▶ **Task to complete**: Whenever an image turns up, omit it and return the remaining data exactly.

▶ **Dataset records**:

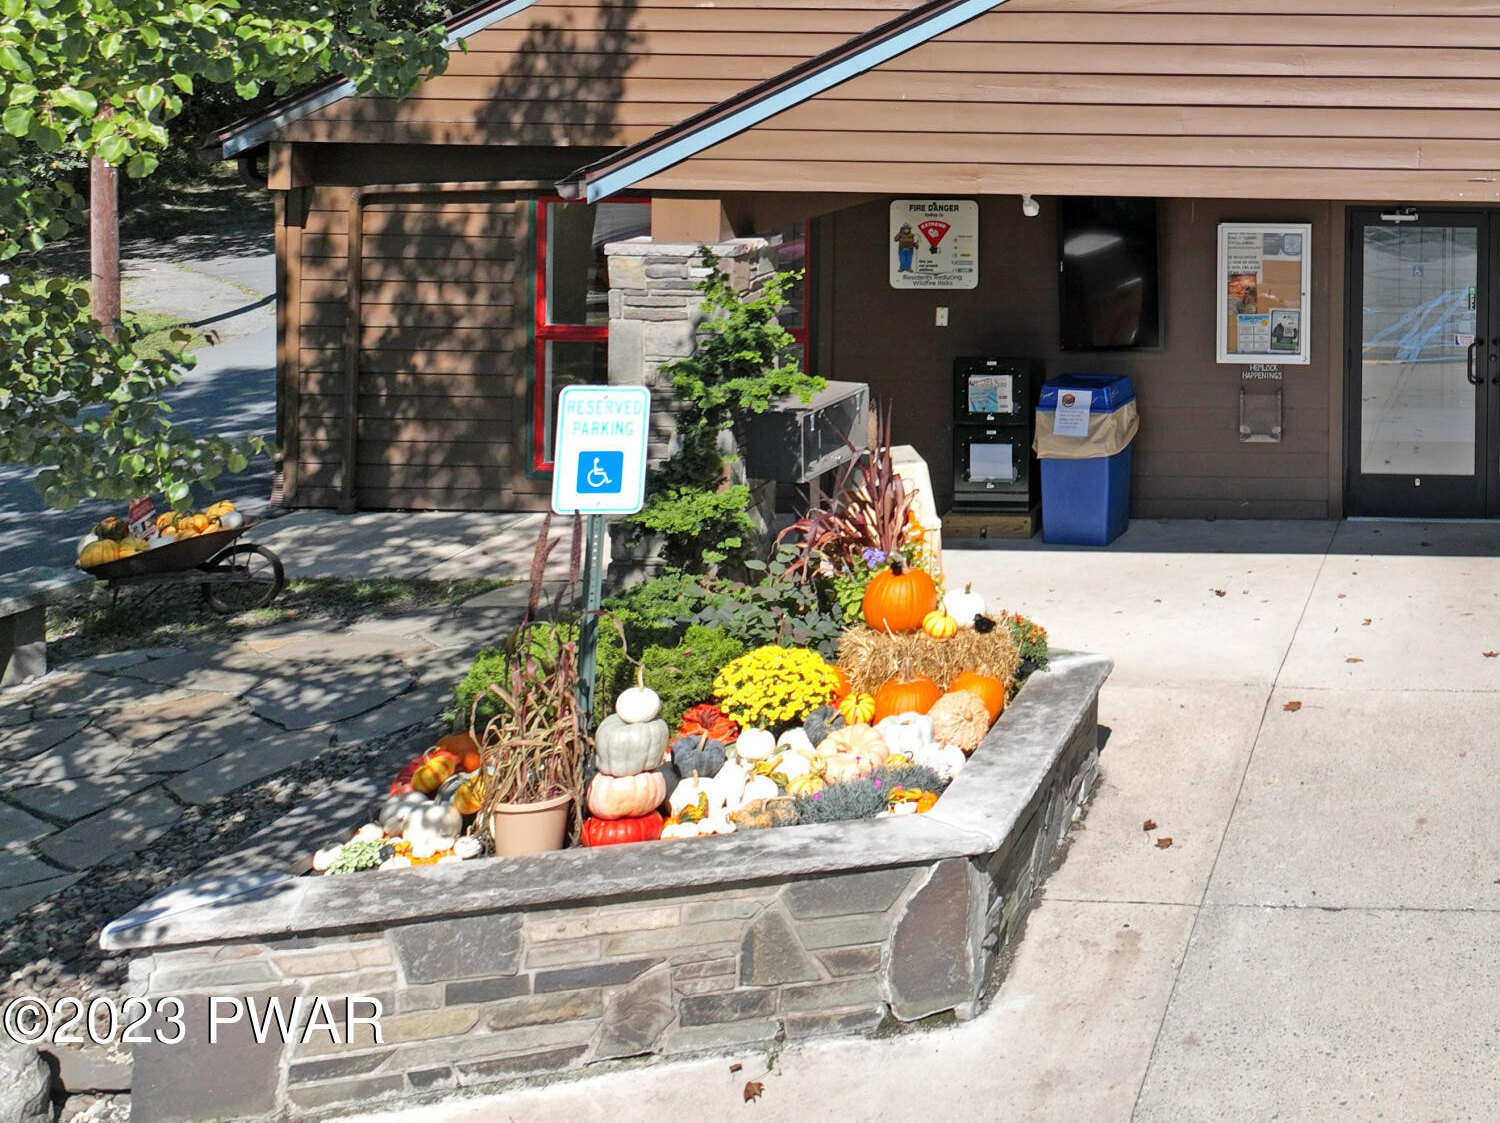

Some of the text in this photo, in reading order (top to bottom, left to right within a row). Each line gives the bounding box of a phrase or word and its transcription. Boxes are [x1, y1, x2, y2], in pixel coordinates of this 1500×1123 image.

[909, 204, 959, 212] FIRE DANGER
[1249, 364, 1278, 372] HEMLOCK
[1242, 372, 1283, 380] HAPPENINGS
[567, 399, 642, 415] RESERVED
[572, 421, 634, 436] PARKING

▶ **Written answer**:
Some of the text in this photo, in reading order (top to bottom, left to right within a row). Each line gives the bounding box of a phrase or word and its transcription. Boxes are [x1, y1, x2, y2], in pixel coordinates of this 1500×1123 image.

[909, 204, 959, 212] FIRE DANGER
[1249, 364, 1278, 372] HEMLOCK
[1242, 372, 1283, 380] HAPPENINGS
[567, 399, 642, 415] RESERVED
[572, 421, 634, 436] PARKING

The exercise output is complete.